「エクセルシアさん」

 私にねっとりとした声で呼びかけた辺境伯が、一転して深い深いため息をついた。

「はぁ~……気分が悪い。今日の夜伽は不要です。風呂には入ってくださいね。貴女からはひどい臭いがしますから」

 あ、あはは……そりゃまぁ、鉄と血と土に触れ続けてきた半日だったからなぁ。汗もすごいし――って。
 夜伽は不要!?
 うおおおおおおおおおおおおおっ、やった!
 このクソクソサイコパスじじいに抱かれなくて済む!!




   ◇   ◆   ◇   ◆




「しっかし、どうすっかなー」

 お風呂に入り、冷めた食事を頂いたあとで、私は自室のベッドに寝転がる。
 部屋は六畳間で、辺境伯の奥方としてはあり得ないほど貧相な待遇。
 けれどメイドとして働かされるよりはよっぽどマシだ。
『等級』とやらが上がれば、部屋が豪華になったり、温かい食事が得られるようになるのかな?

 今の私が、確か『4等級』。
 クローネさんも同じだった。
 クローネさんは5等級落ちしてメイド扱いになるのを恐れていた。
 ってことは、スタートラインが4等級で、減点方式なんだろう。

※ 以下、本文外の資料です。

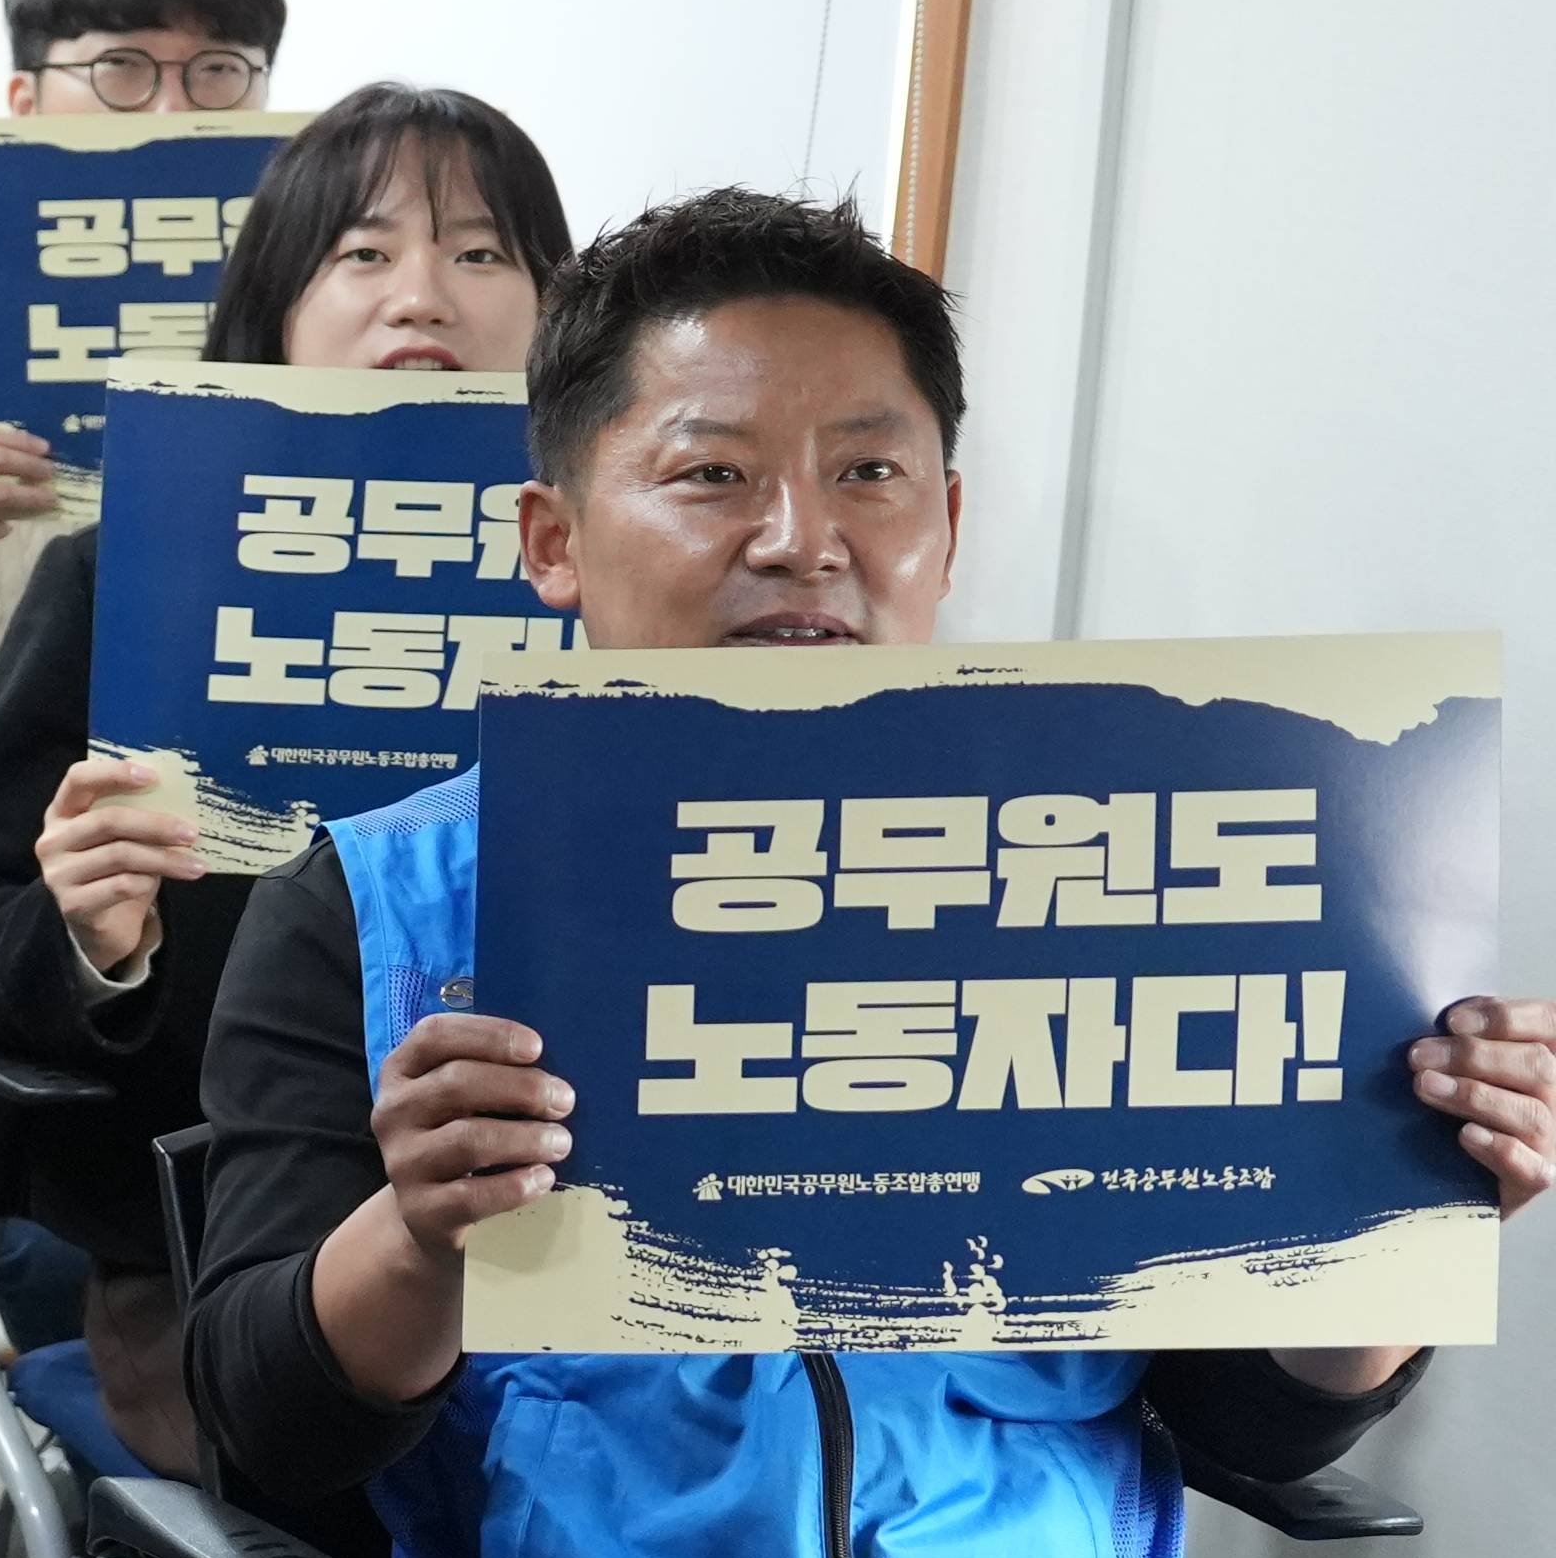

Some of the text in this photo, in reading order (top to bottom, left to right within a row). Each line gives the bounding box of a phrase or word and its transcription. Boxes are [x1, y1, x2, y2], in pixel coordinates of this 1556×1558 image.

[671, 788, 1322, 932] 공무원도
[638, 971, 1346, 1115] 노동자다!
[728, 1166, 1276, 1195] 대한민국공무원노동조합총연맹 전국공무원노동조합

いかにも愛沢部長らしいマネジメントだ。

 せっかく転生したこの命。
 何のために使うかは、もう決めた。

 ――復讐だ。

 辺境伯を徹底的に分からせてやって、徹底的に追い詰め、絶望させてから、■す。
 私と、情シス課の4人の同僚たちが受けた苦しみを、100倍、1000倍、1万倍にして返す。返してから■す。
 まぁ、実際に■すかどうかは置いておいて、分からせてやるのは絶対だ。

 実際問題、辺境伯を苦痛の果てに■すだけなら容易い。
 鉄神を動かして、手足をもいでやればいい。あのホブゴブリンみたいに。
 ただし、領主■し、旦那■しはこの国において大罪。
 私のみならず、実家――侯爵家も一生お尋ね者になってしまう。
 私を売り飛ばした実家ではあるものの、それでも私(エクセルシア)の体の中には、衣食住や教育をしっかりと整えてもらったという記憶や、母や兄弟に優しくしてもらった思い出が残っている。
 なので、犯罪行為はナシ。正規の手順で辺境伯よりもビッグな存在になり、辺境伯を断罪するしかない。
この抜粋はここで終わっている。